When he drank a little more than he should, his head would ache, and he would feel, more frequently now, an unpleasant pressure in his chest. He was afraid of solitude, yet found himself alone more and more often. The blank spaces in his life that could not be filled were increasing, spaces left by his mother, by Albina and even by Eva, although he could fill that particular blank any time he felt like it. Writing his screenplay occupied his time, but unfortunately he had only two or three final scenes left to write. He put off working on them; what would he do when he had finished?

He bought a new Mercedes coupé even though he had to sell a baroque table from his cottage to raise the money. Sokol was furious; he considered their private assets part of the firm's common property. His plan was to buy a well-located shop when the state began auctioning them off, where he would open a large electronics store. Didn't Pavel understand that there would be a high reserve price, and that other interested parties would have to be bribed to stay out of the bidding? Where would the money for that come from if he squandered what he had on cars?

But he didn't need a big store. He needed a new car.

'What for?'

'For life.'

'You don't understand. Either the firm grows or it dies.'

'I've been dying for forty-eight years now.'

The car was vermilion. Everything was automatic, and the speedometer showed speeds of up to three hundred kilometres an hour.

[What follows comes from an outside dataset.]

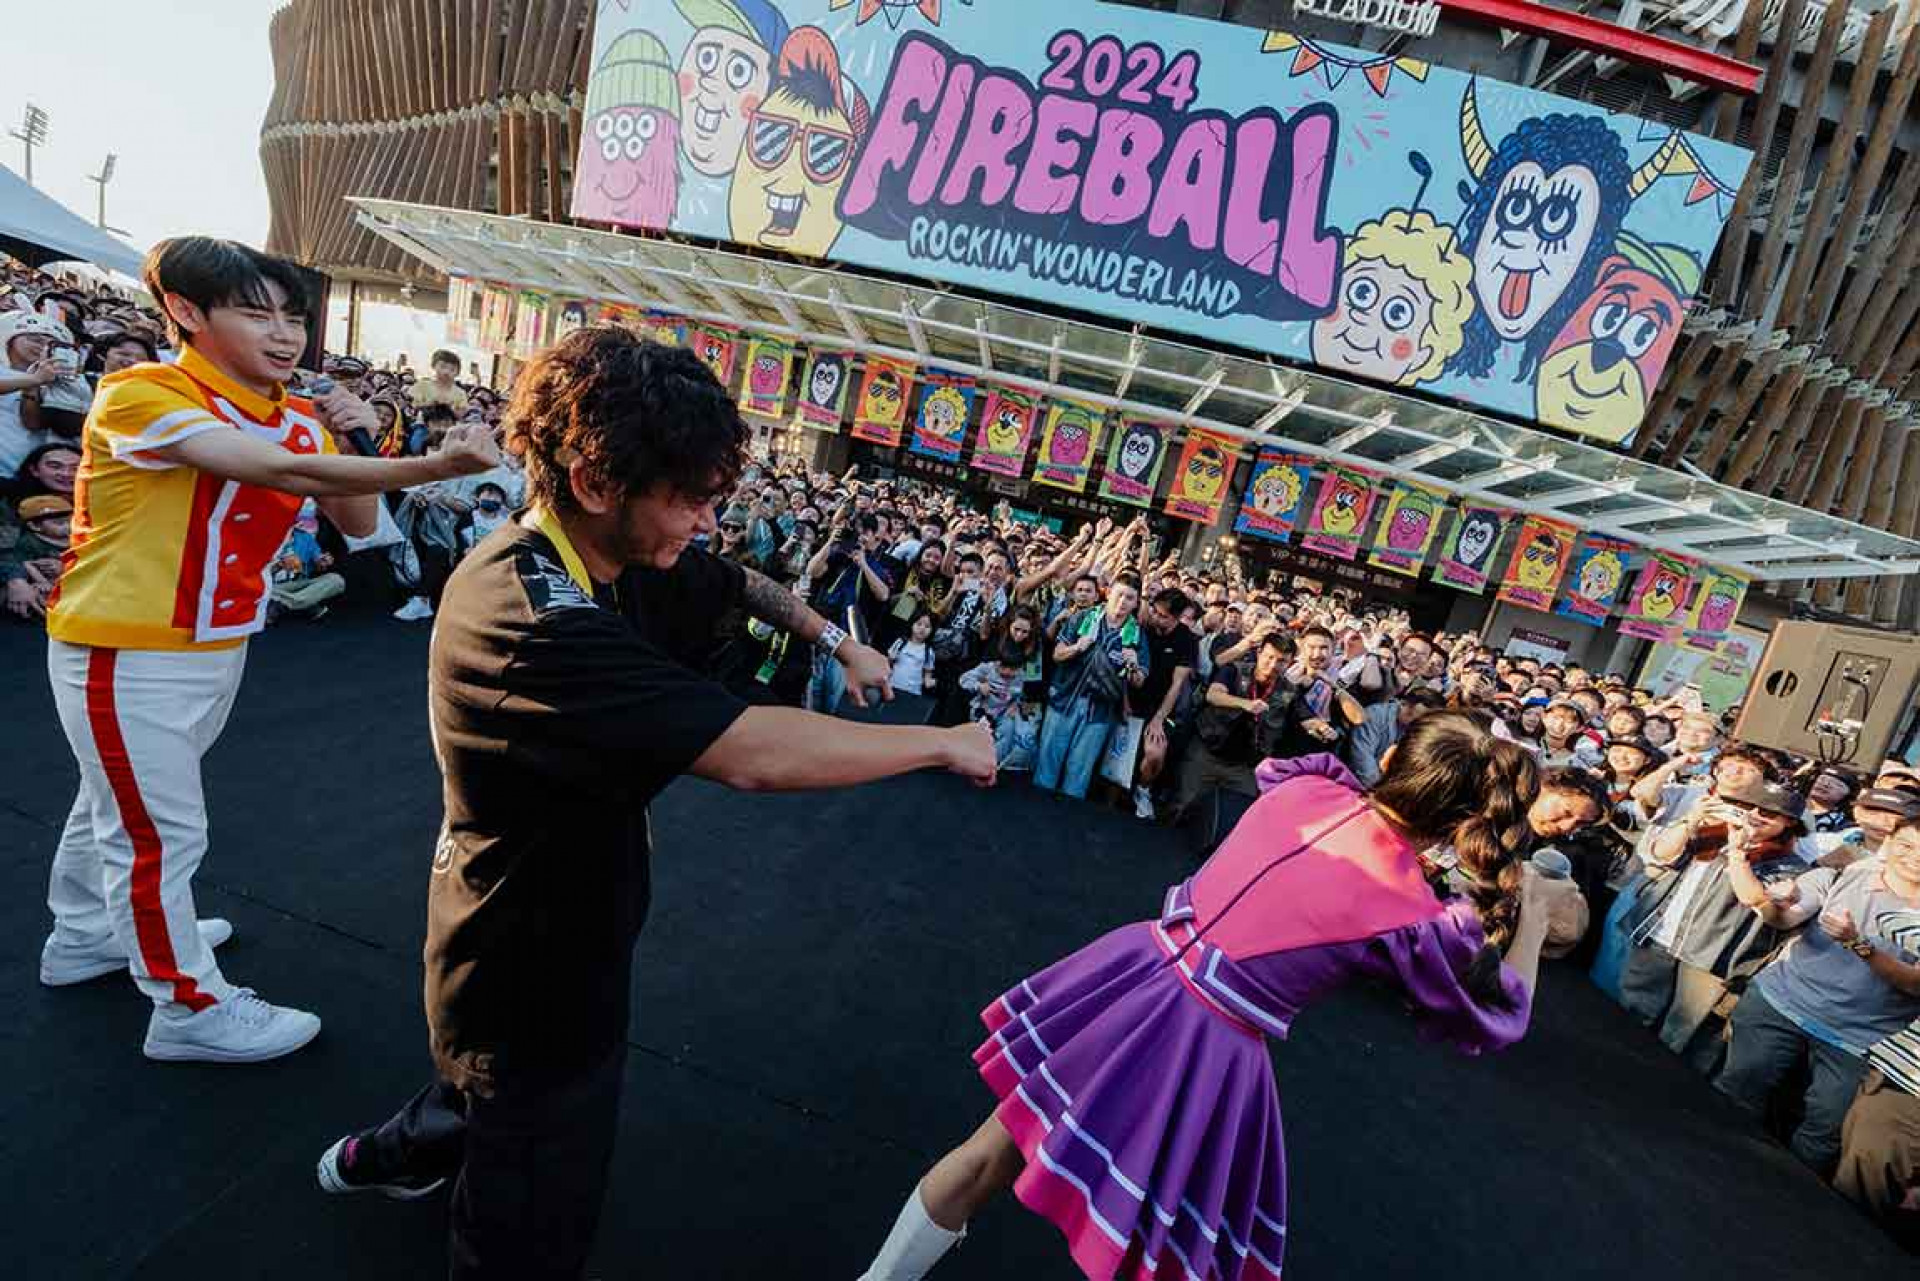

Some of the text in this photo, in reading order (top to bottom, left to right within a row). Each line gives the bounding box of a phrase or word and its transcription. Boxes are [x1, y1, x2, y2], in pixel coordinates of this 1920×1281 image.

[1043, 33, 1196, 110] 2024
[841, 38, 1339, 308] FIREBALL
[1031, 239, 1241, 313] WONDERLAND

He drove his new car to the reception, arriving as late as he could. There were more familiar faces here than he expected, faces he remembered from past meetings and conferences. These faces had ruled over ministries, press agencies, factories, personnel departments, the television

network and him. Halama was there. He now owned a private radio station that broadcast the same hit songs he himself had so recently banned. He saw a poet with whom he'd once made a film about folk carvings of nativity scenes. The poet had gained official recognition by writing verses that expressed his love for women, the motherland and the Party. Now, anonymously, he wrote copy expressing his love of ever-sharp kitchen knives, ketchup and chewing-gum. Also, after a moment of uncertainty, Pavel recognized the good-looking strawberry-blonde who seemed to keep looking his way. He'd never known her name, but years ago he'd made love to her at a party near the explosives factory. He wondered if she had got back together with her husband, whose pockets had been filled with cheques from sheikhs and terrorists made out for amounts he could not even imagine. Even Little Ivens was here with a film crew to make a documentary about the new entrepreneurs. Little Ivens had now taken his place, but he had no reason to feel resentful about it because he had relinquished his job voluntarily.

He had no desire to be resentful about anyone.

He took a plate of sandwiches and as he did so he recalled his evening at the drama faculty. He remembered the room full of people sleeping on the floor, the girl who had offered him her blanket, the feeling of nearness to students he didn't know by name but who could easily have been his children. In the end, they had delivered handmade posters by car. What were the names of the two students who went with them? He couldn't remember, though he'd know them if he ever met them again. It hadn't occurred to him to invite the student who wanted to be a cameraman here. How could he, if he didn't know his name?

He felt an unexpected sense of uneasiness, as though he'd made a mistake and it had suddenly come back to haunt him.